As for counting the number of elements in a sequence without using count or writing a loop - the best I could come up with before my lunch break concluded was to use a lambda (fn [x] 1) that turns everything to one, map this onto the sequence to get a load of ones, and then use reduce and plus to add these ones together:-


#(reduce + (map (fn [n] 1) %))


hmm

Adding the elements of a list of numbers is easier than this - you can use reduce and the plus operator.  To get the odd numbers from a list of numbers you user the function filter with the predicate function odd?
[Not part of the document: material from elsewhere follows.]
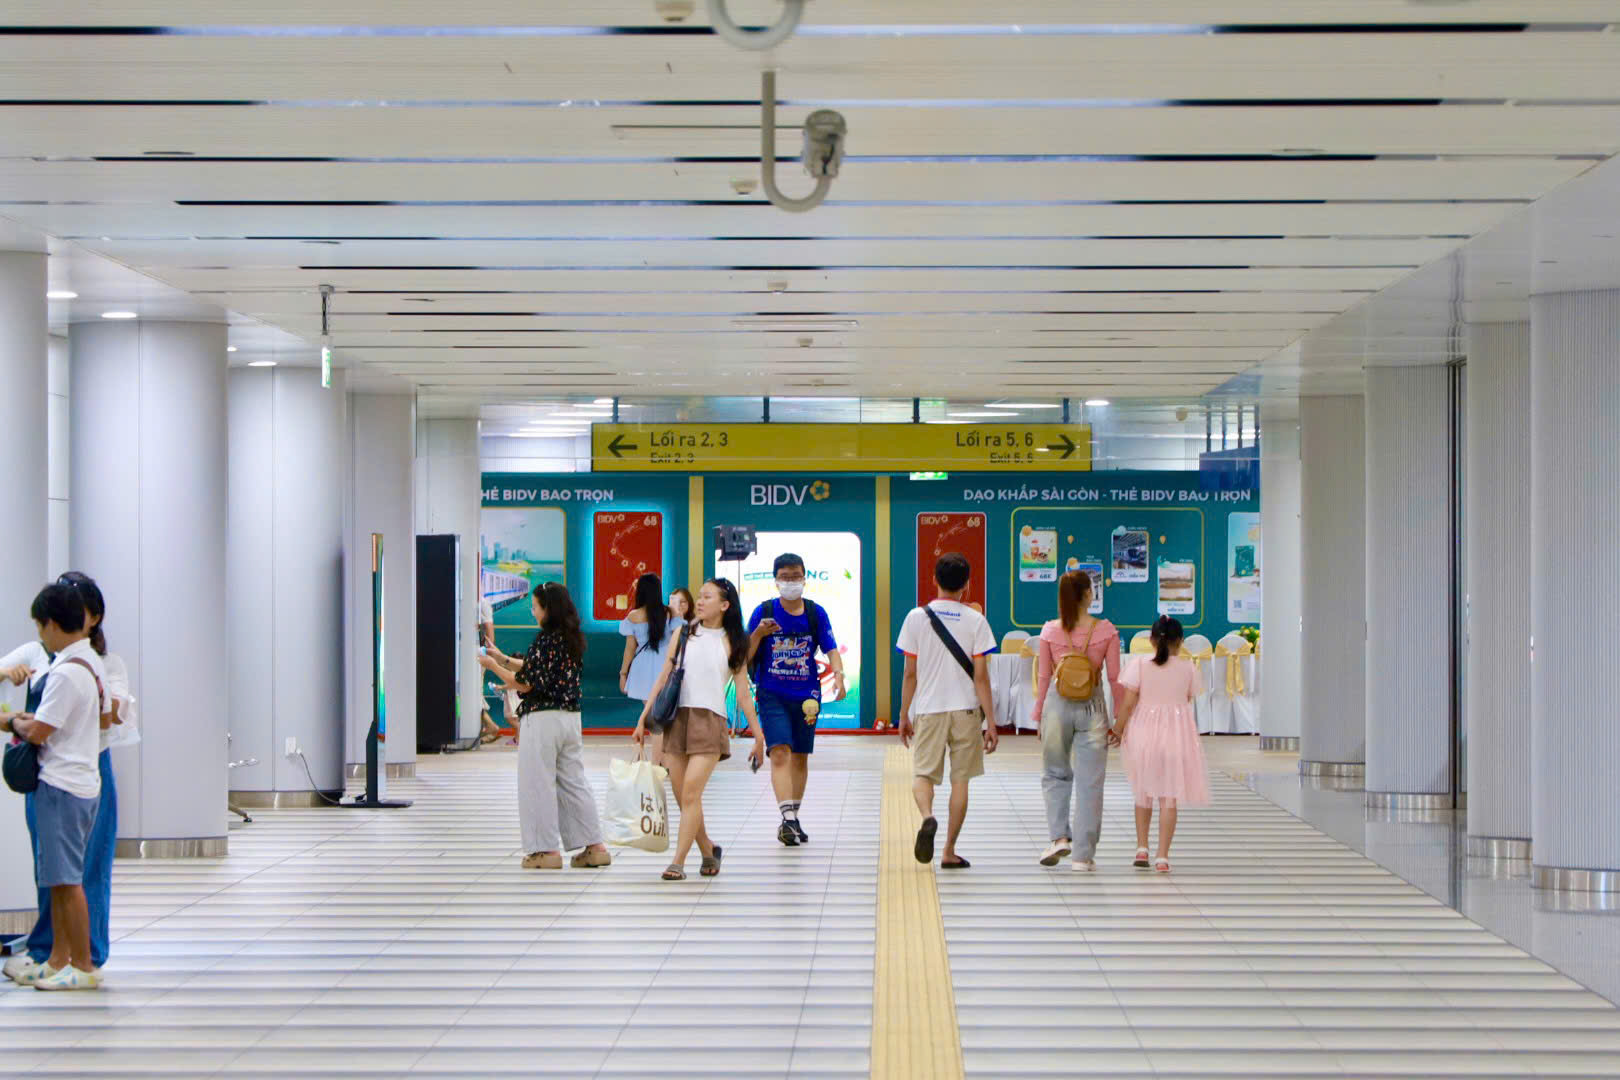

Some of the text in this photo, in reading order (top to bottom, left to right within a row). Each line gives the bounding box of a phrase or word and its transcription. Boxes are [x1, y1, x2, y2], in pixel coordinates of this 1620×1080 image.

The the examples seem to be out of sequence here.  Anyway, the next one is to produce the reverse of a sequence without using the functions reverse or rseq.
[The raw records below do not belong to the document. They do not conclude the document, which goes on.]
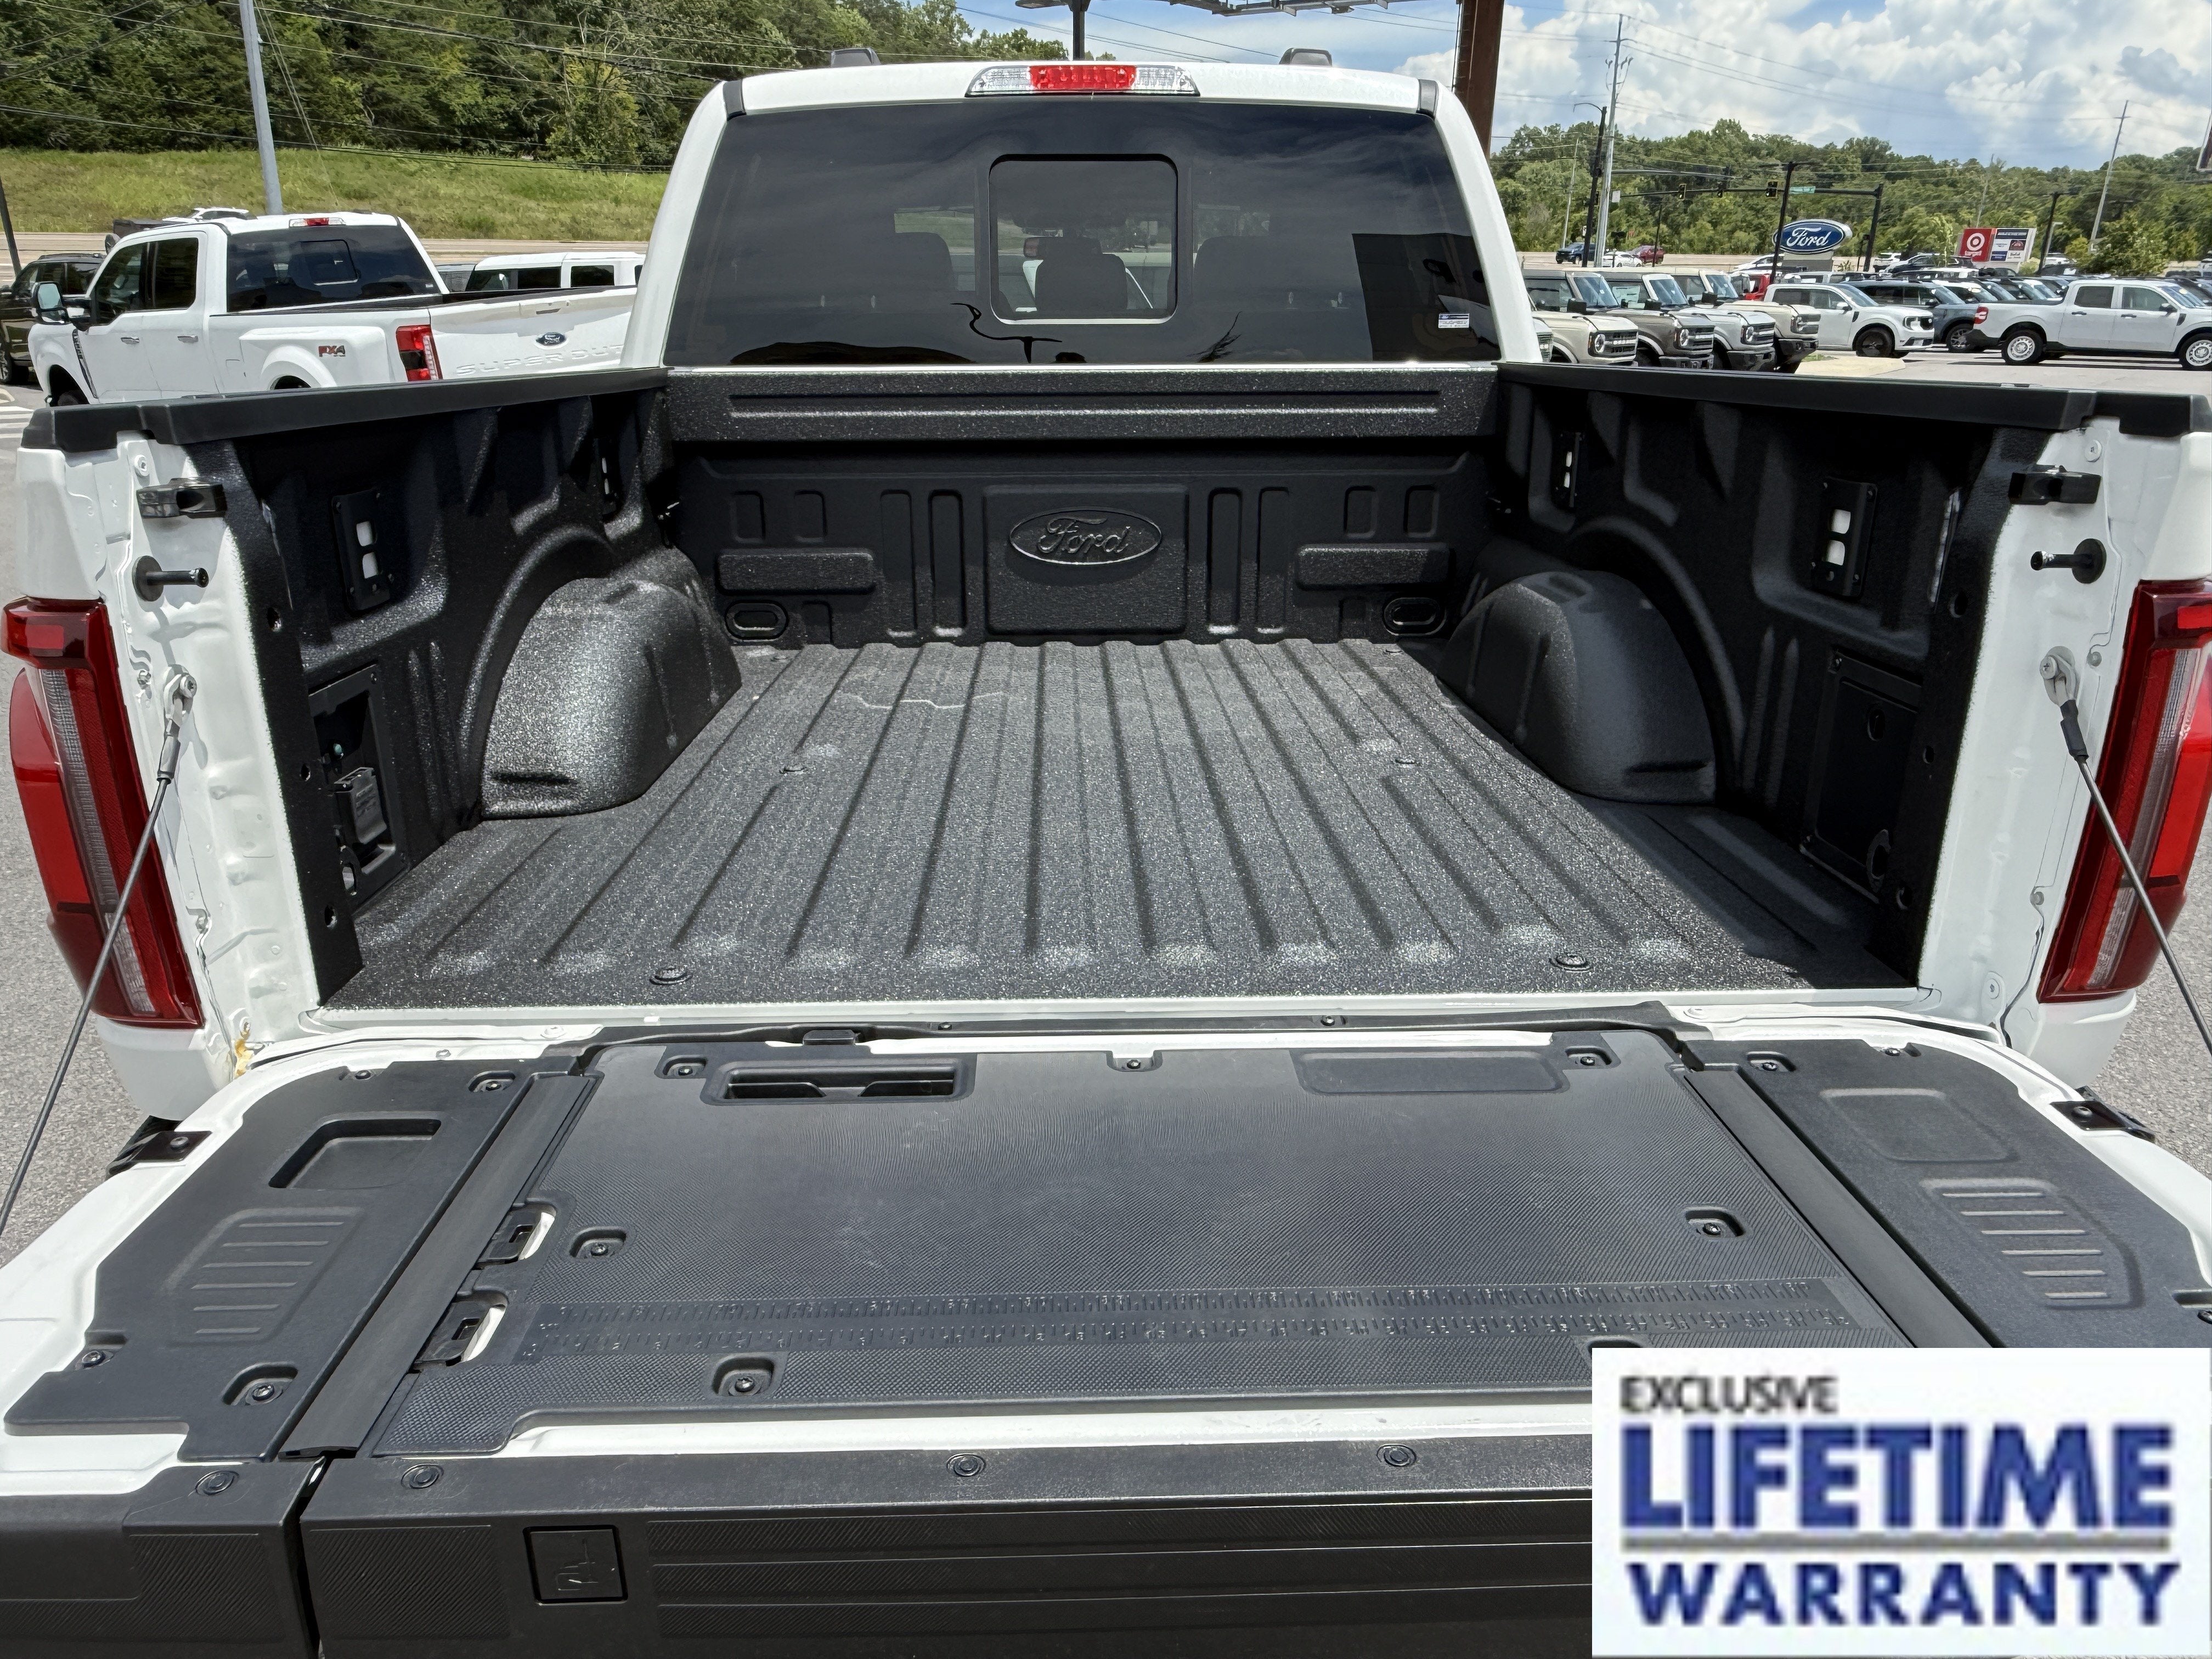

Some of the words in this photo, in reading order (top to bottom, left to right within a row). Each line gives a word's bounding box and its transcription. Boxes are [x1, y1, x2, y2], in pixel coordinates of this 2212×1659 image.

[1786, 227, 1832, 247] Ford
[318, 345, 346, 357] FX4
[456, 353, 565, 376] SUPER
[571, 344, 624, 360] DUT
[1037, 517, 1131, 554] Ford
This took a bit more thought.  In the end I changed the original sequence to a list of pair vectors where the first element is an increasing number, like this:

Starting with this list:


user=>'(:a :b :c :d)
'(:a :b :c :d)


Use a map to insert numbers in each one:


user=>(map (fn [x y] [x y]) (iterate inc 1) *1)
([1 :a] [2 :b] [3 :c] [4 :d])


Now sort this using a function that compares those numbers we added:


user=>(sort (fn [x y] (> (first x) (first y))) *1)
([4 :d] [3 :c] [2 :b] [1 :a])


Finally extract the elements by mapping second onto the result:


user=>(map second *1)
(:d :c :b :a)


So the full solution looks like this:


#(map second
 (sort
  (fn [x y] (> (first x) (first y)))
  (map (fn [x y] [x y])
  (iterate inc 1)
  %)))


But surely there is a simpler way?

Friday 1 July 2011

Lambdas in Clojure

The form (fn [...] (....)) is the equivalent of (lambda (...) (....)).  It puts the parameters in a vector [...] rather than a list (...).  This comes in handy later because it clarifies the definitions especially when you use the option to use multiple argument lists.
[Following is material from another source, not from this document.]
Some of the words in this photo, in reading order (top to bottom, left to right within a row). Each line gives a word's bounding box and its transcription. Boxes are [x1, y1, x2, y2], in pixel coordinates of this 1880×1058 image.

There is also an alternative economical form for anonymous functions - for example a lambda to add 5 to a number is just #(+ % 5): to compare a number to 5 would be #(> % 5) and so on.  These are just the right size to pop into map and filter functions.  The symbol % stands for the argument to the function.

So for example the question to find the penultimate element of a list, by reversing it and then getting the second element:

(#(second (reverse %)) '(1 2 3 4)) => 3


or using function composition this could be:-

(#((comp second reverse) %) '(1 2 3 4)) => 3


which in this instance is no simpler.

When I came to the example of returning the nth element of a sequence I caught myself starting to write a loop.  Hello?  In low-level languages we write jumps: in middle-level languages we write loops: but in high-level languages we operate on compound data structures as a whole.  The first element is given by the function first.  To get later ones we drop so many from the front of the sequence and then get the first of what's left - so to get the nth element of sq we want (first (drop n sq)).

Yes there is a function nth that does this anyway but the point is to see how that works.